Difficile de croire que Le Postillon de Lonjumeau retrouvera durablement sa place au répertoire, tant cet opéra-comique créé en 1836 paraît bien faible musicalement et dramaturgiquement. Commercialisé sous la forme d’un DVD par le label Naxos, le spectacle monté au printemps dernier Salle Favart peine à convaincre, malgré les efforts de Michel Fau à la mise en scène, malgré la présence dans le rôle-titre d’un Michael Spyres qui s’était montré bien plus convaincant un an auparavant dans la résurrection de La Nonne sanglante de Gounod.

Un mystère sur lequel les musicologues devraient peut-être se pencher, s’ils ne l’ont déjà fait, est l’incroyable popularité dont a longtemps joui outre-Rhin Le Postillon de Lonjumeau. En France, depuis 1897, un monument à Adolphe Adam avait été élevé par la ville reconnaissante de Longjumeau (l’absence de G dans le titre est une de ces coquetteries orthographiques dot le XIXe siècle avait le secret), située à dix-neuf kilomètres de Paris, dans ce qui ne s’appelait pas encore l’Essonne mais la Seine-et-Oise.
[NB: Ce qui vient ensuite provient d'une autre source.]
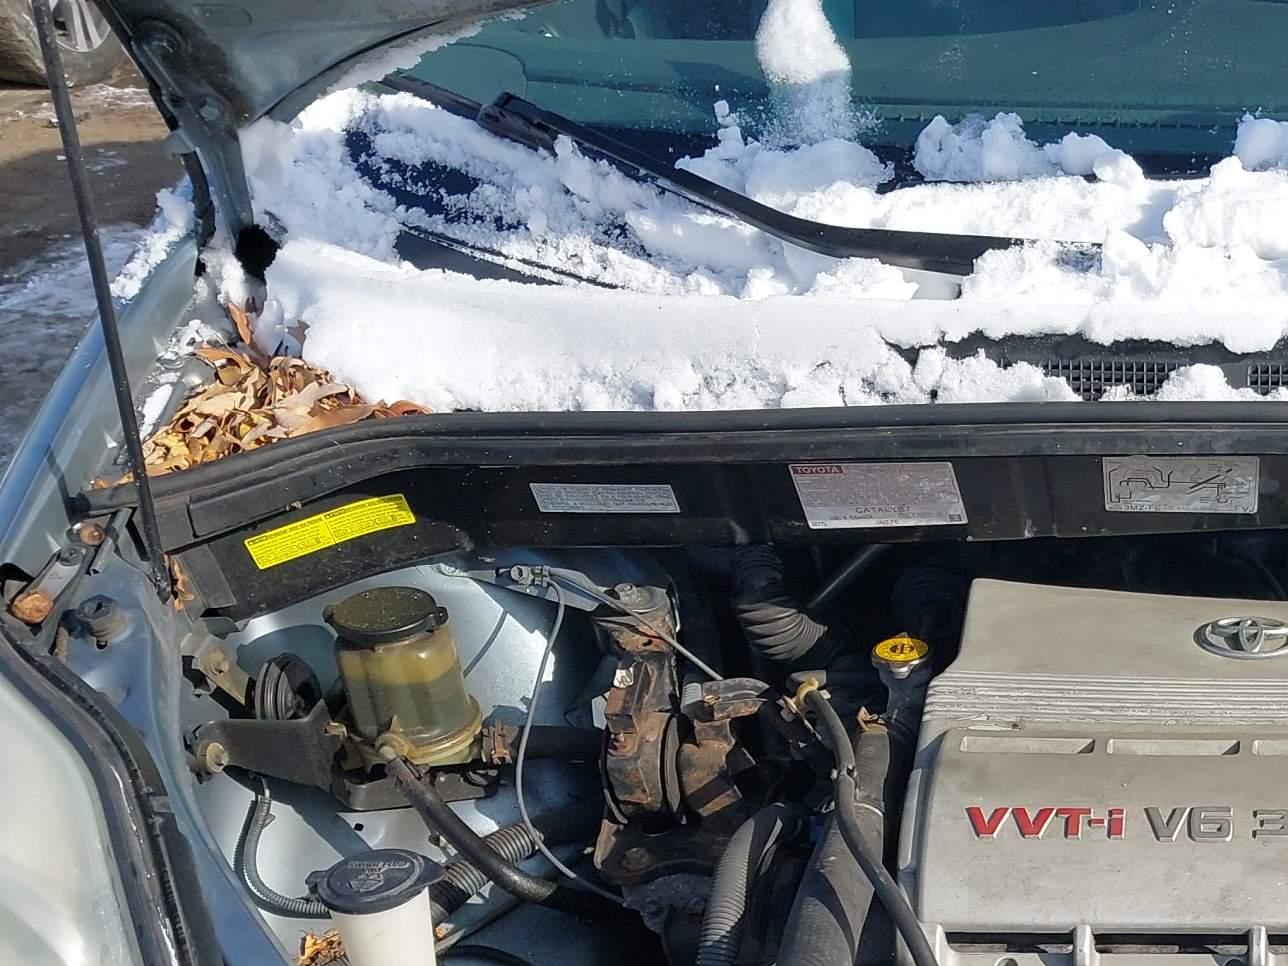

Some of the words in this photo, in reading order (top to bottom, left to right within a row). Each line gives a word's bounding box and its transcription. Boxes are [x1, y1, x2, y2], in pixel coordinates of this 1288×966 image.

[796, 466, 840, 474] TOYOTA
[965, 806, 1126, 841] VVT-i
[1144, 807, 1234, 842] V6
L’opéra-comique d’Adolphe Adam, pilier du répertoire de la salle Favart, avait ensuite fêté son centenaire : le 17 mai 1936, le titulaire du rôle-titre, Miguel Villabella, avait participé à Longjumeau à une reconstitution des noces du Postillon, celles sur lesquelles s’ouvre l’œuvre, justement. Mais ensuite, une longue traversée du désert s’en était suivie, qui ne s’était achevée qu’en 2004 à Dijon, retour à peine précédé, en terre francophone, par les représentations de 1989 au Grand-Théâtre de Genève. Au disque, calme plat entre le concert de la RTF de 1952, avec Henri Legay et Janine Micheau soutenus par l’orchestre Radio-Lyrique, et l’intégrale EMI enregistrée en 1985.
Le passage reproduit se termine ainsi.